A copy of the chargesheet could not be defined as a public document under Section 74 of the Evidence Act, nor was it covered by Section 4(1) (b) of the Right to Information Act, the court said, dismissing a petition seeking a directive to all states to upload on their websites copies of all the chargesheets and challans filed under Section 173 of the Criminal Procedure Code.
The bench of Justice M.R. Shah and Justice C.T. Ravi Kumar was hearing an appeal filed by Saurav Das, which had claimed this as a matter of right under the Right to Information Act.
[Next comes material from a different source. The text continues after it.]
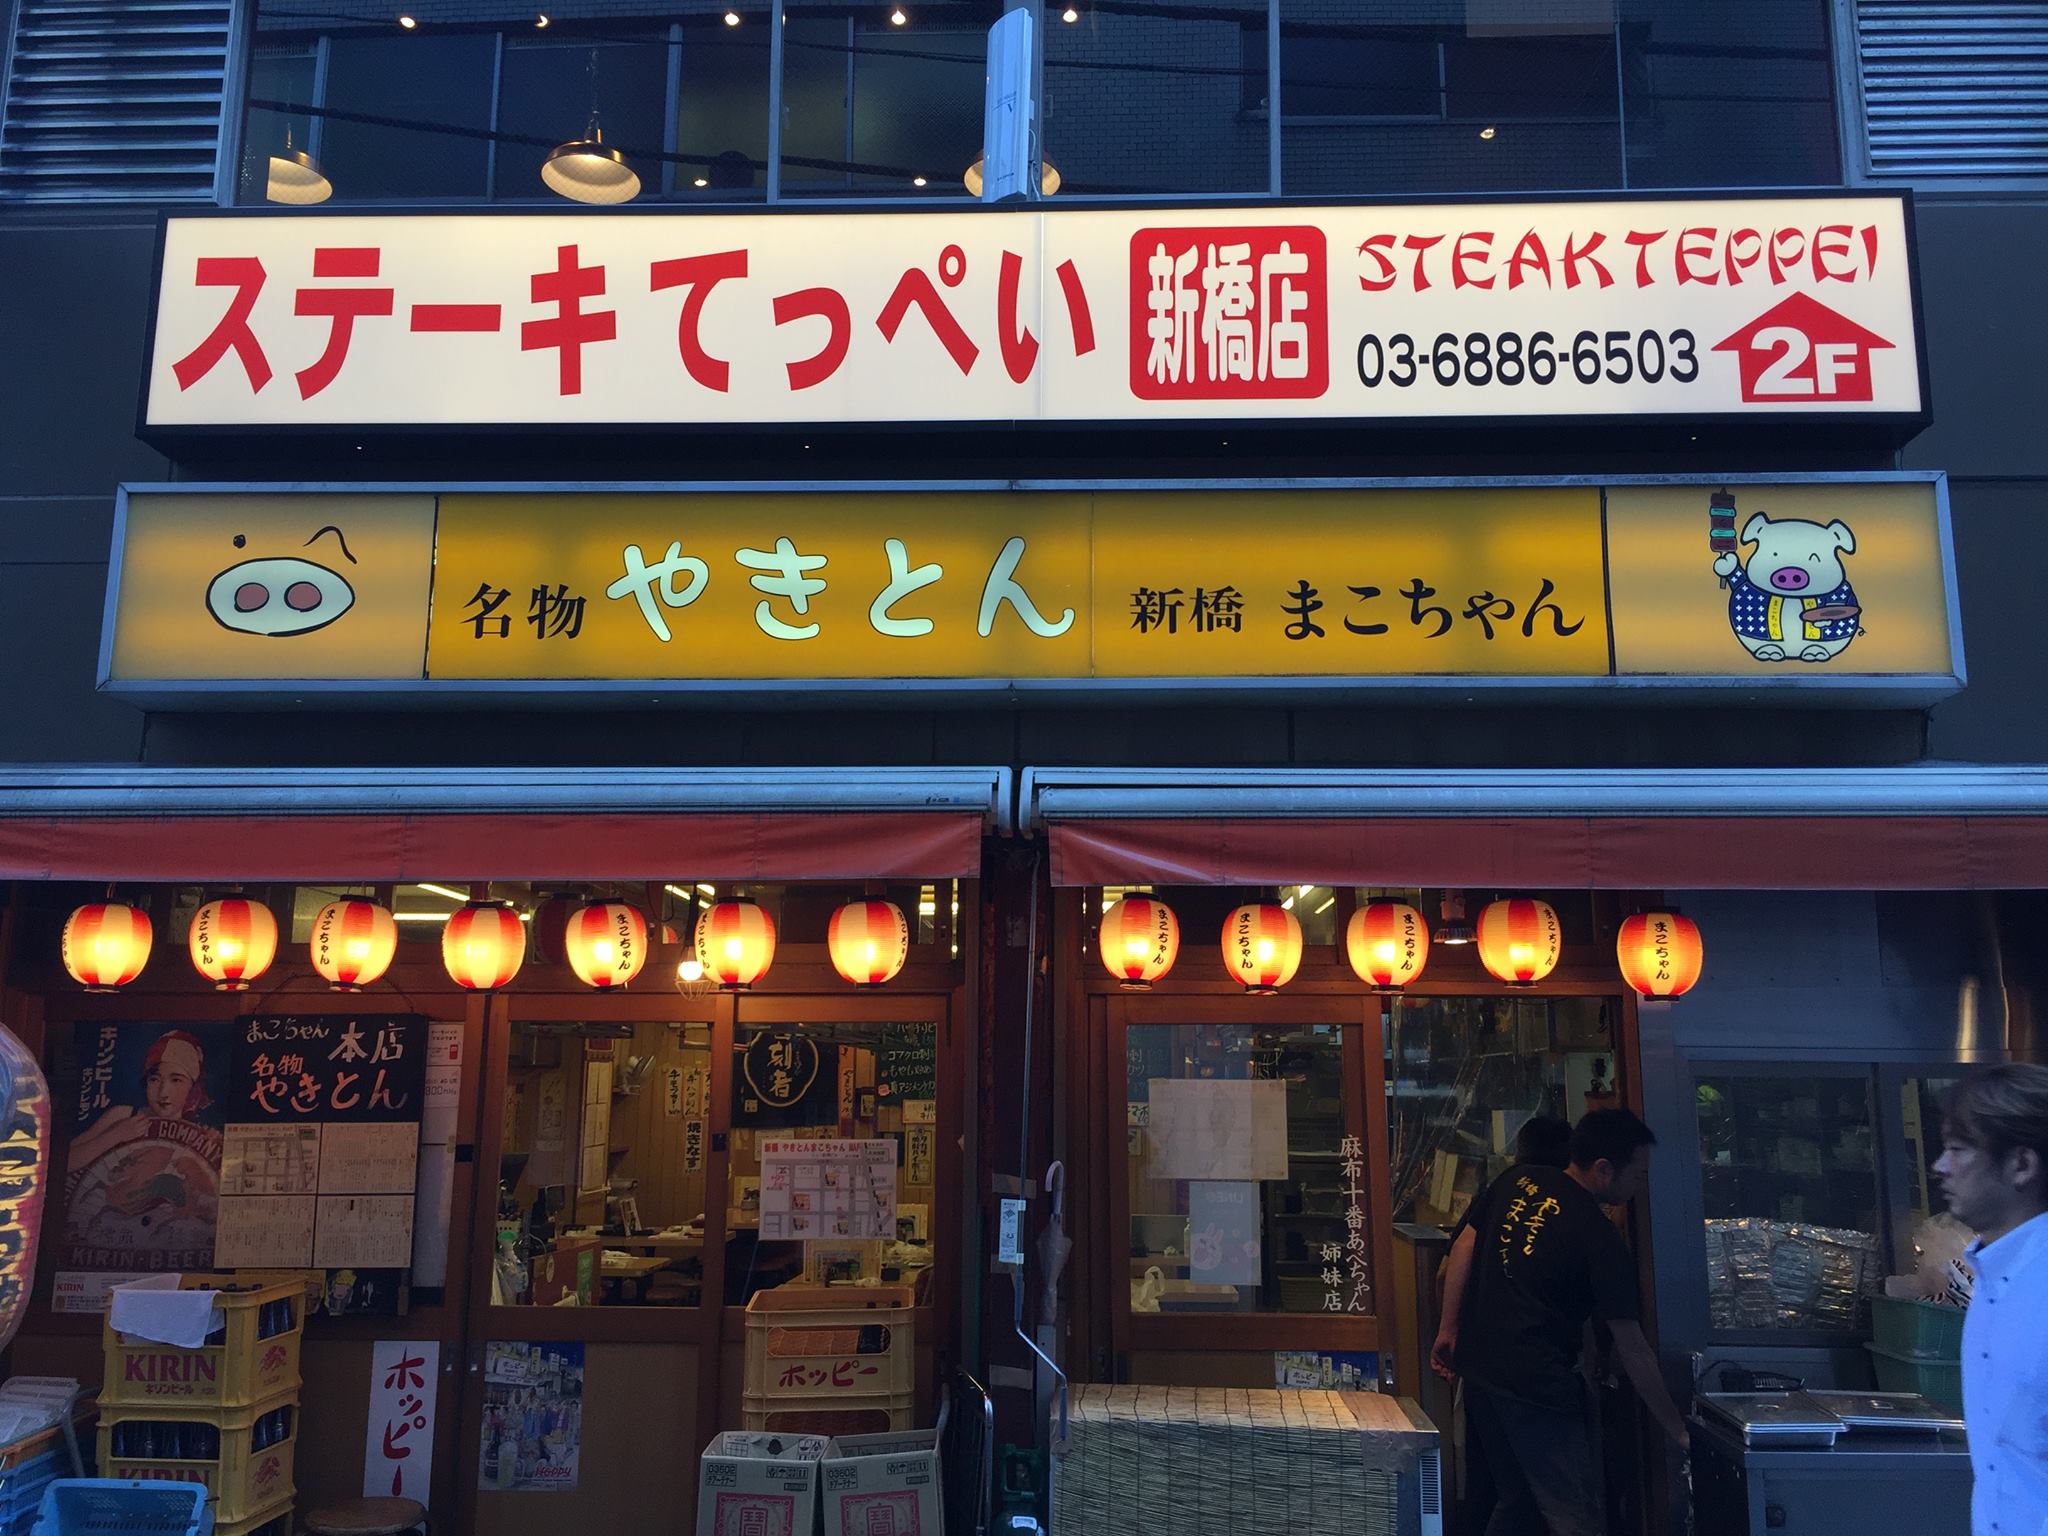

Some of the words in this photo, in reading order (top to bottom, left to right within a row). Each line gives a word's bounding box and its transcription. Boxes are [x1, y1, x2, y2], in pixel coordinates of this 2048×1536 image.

Advocate Prashant Bhushan, who appeared for the petitioner, had relied on the Supreme Court’s earlier decision in the Youth Bar Association of India vs Union of India case, wherein the court had made it mandatory for police authorities across the country to upload all FIRs on the official websites within 24 hours of their registration.
“The reliance placed upon the same by the counsel appearing on behalf of the petitioner for the relief sought in the present petition is thoroughly misconceived and misplaced,” the court said.
The order to publish the FIRs within 24 hours was meant to ensure that “innocent accused are not harassed and they are able to get relief from the competent court and they are not taken by surprise”, it said.
“The directions issued by this court are in favour of the accused, which cannot be stretched to the public at large so far as the chargesheets are concerned,” Justice M.R. Shah, who authored the judgment, added.
The bench said that under Section 207 CrPC, a duty is cast upon the Investigating Officer to supply a copy of the police report and relevant documents, to be relied upon by the prosecution, to the accused and to no one else.
“Therefore, if the relief as prayed in the present petition is allowed and all the chargesheets and relevant documents produced along with the chargesheets are put on the public domain or on the websites of the state governments, it will be contrary to the Scheme of the Criminal Procedure Code and it may as such violate the rights of the accused as well as the victim and/or even the investigating agency,” the court said.